▶ PROBLEM TO SOLVE: An exact copy of all the data is required.

[Extracted records]
Content starts
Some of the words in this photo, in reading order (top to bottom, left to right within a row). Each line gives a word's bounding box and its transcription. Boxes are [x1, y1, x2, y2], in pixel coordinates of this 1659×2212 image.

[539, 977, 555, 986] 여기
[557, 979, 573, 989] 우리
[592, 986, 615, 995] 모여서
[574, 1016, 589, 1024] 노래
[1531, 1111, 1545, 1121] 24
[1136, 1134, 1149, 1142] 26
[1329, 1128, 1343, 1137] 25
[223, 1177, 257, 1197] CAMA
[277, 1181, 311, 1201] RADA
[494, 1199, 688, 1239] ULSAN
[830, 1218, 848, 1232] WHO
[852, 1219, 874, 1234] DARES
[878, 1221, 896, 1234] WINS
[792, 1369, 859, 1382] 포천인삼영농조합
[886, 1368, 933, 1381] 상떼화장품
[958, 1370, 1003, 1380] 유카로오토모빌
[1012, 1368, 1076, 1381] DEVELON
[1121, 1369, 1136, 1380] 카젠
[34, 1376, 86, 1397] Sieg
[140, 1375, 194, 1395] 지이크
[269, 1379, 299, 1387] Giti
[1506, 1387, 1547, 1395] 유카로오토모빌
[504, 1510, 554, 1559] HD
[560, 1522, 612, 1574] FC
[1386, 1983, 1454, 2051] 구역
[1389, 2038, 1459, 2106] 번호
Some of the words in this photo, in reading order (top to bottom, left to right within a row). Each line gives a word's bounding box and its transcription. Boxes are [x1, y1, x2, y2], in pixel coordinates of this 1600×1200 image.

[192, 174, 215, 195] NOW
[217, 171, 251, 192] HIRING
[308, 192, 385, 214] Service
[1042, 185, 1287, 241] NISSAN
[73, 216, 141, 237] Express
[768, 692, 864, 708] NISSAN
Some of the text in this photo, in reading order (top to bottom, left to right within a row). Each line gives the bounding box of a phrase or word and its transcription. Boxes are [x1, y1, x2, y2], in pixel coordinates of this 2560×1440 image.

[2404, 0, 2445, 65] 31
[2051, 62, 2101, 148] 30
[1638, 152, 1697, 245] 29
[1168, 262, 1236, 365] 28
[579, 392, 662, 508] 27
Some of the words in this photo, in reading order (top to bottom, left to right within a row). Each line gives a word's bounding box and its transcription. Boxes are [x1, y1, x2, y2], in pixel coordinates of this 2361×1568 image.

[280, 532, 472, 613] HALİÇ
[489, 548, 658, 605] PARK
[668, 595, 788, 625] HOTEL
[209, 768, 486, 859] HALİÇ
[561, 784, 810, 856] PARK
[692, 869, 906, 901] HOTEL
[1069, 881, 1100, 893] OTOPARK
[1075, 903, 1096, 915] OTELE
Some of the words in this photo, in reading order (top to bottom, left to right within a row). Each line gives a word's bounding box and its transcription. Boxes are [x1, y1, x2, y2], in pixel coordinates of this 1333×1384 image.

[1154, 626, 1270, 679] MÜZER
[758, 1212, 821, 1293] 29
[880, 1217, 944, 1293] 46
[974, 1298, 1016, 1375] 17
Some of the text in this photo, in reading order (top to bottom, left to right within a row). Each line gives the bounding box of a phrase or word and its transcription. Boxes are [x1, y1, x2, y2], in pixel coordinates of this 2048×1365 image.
Content ends
▶ EXERCISE SOLUTION:
Some of the words in this photo, in reading order (top to bottom, left to right within a row). Each line gives a word's bounding box and its transcription. Boxes are [x1, y1, x2, y2], in pixel coordinates of this 1659×2212 image.

[539, 977, 555, 986] 여기
[557, 979, 573, 989] 우리
[592, 986, 615, 995] 모여서
[574, 1016, 589, 1024] 노래
[1531, 1111, 1545, 1121] 24
[1136, 1134, 1149, 1142] 26
[1329, 1128, 1343, 1137] 25
[223, 1177, 257, 1197] CAMA
[277, 1181, 311, 1201] RADA
[494, 1199, 688, 1239] ULSAN
[830, 1218, 848, 1232] WHO
[852, 1219, 874, 1234] DARES
[878, 1221, 896, 1234] WINS
[792, 1369, 859, 1382] 포천인삼영농조합
[886, 1368, 933, 1381] 상떼화장품
[958, 1370, 1003, 1380] 유카로오토모빌
[1012, 1368, 1076, 1381] DEVELON
[1121, 1369, 1136, 1380] 카젠
[34, 1376, 86, 1397] Sieg
[140, 1375, 194, 1395] 지이크
[269, 1379, 299, 1387] Giti
[1506, 1387, 1547, 1395] 유카로오토모빌
[504, 1510, 554, 1559] HD
[560, 1522, 612, 1574] FC
[1386, 1983, 1454, 2051] 구역
[1389, 2038, 1459, 2106] 번호
Some of the words in this photo, in reading order (top to bottom, left to right within a row). Each line gives a word's bounding box and its transcription. Boxes are [x1, y1, x2, y2], in pixel coordinates of this 1600×1200 image.

[192, 174, 215, 195] NOW
[217, 171, 251, 192] HIRING
[308, 192, 385, 214] Service
[1042, 185, 1287, 241] NISSAN
[73, 216, 141, 237] Express
[768, 692, 864, 708] NISSAN
Some of the text in this photo, in reading order (top to bottom, left to right within a row). Each line gives the bounding box of a phrase or word and its transcription. Boxes are [x1, y1, x2, y2], in pixel coordinates of this 2560×1440 image.

[2404, 0, 2445, 65] 31
[2051, 62, 2101, 148] 30
[1638, 152, 1697, 245] 29
[1168, 262, 1236, 365] 28
[579, 392, 662, 508] 27
Some of the words in this photo, in reading order (top to bottom, left to right within a row). Each line gives a word's bounding box and its transcription. Boxes are [x1, y1, x2, y2], in pixel coordinates of this 2361×1568 image.

[280, 532, 472, 613] HALİÇ
[489, 548, 658, 605] PARK
[668, 595, 788, 625] HOTEL
[209, 768, 486, 859] HALİÇ
[561, 784, 810, 856] PARK
[692, 869, 906, 901] HOTEL
[1069, 881, 1100, 893] OTOPARK
[1075, 903, 1096, 915] OTELE
Some of the words in this photo, in reading order (top to bottom, left to right within a row). Each line gives a word's bounding box and its transcription. Boxes are [x1, y1, x2, y2], in pixel coordinates of this 1333×1384 image.

[1154, 626, 1270, 679] MÜZER
[758, 1212, 821, 1293] 29
[880, 1217, 944, 1293] 46
[974, 1298, 1016, 1375] 17
Some of the text in this photo, in reading order (top to bottom, left to right within a row). Each line gives the bounding box of a phrase or word and its transcription. Boxes are [x1, y1, x2, y2], in pixel coordinates of this 2048×1365 image.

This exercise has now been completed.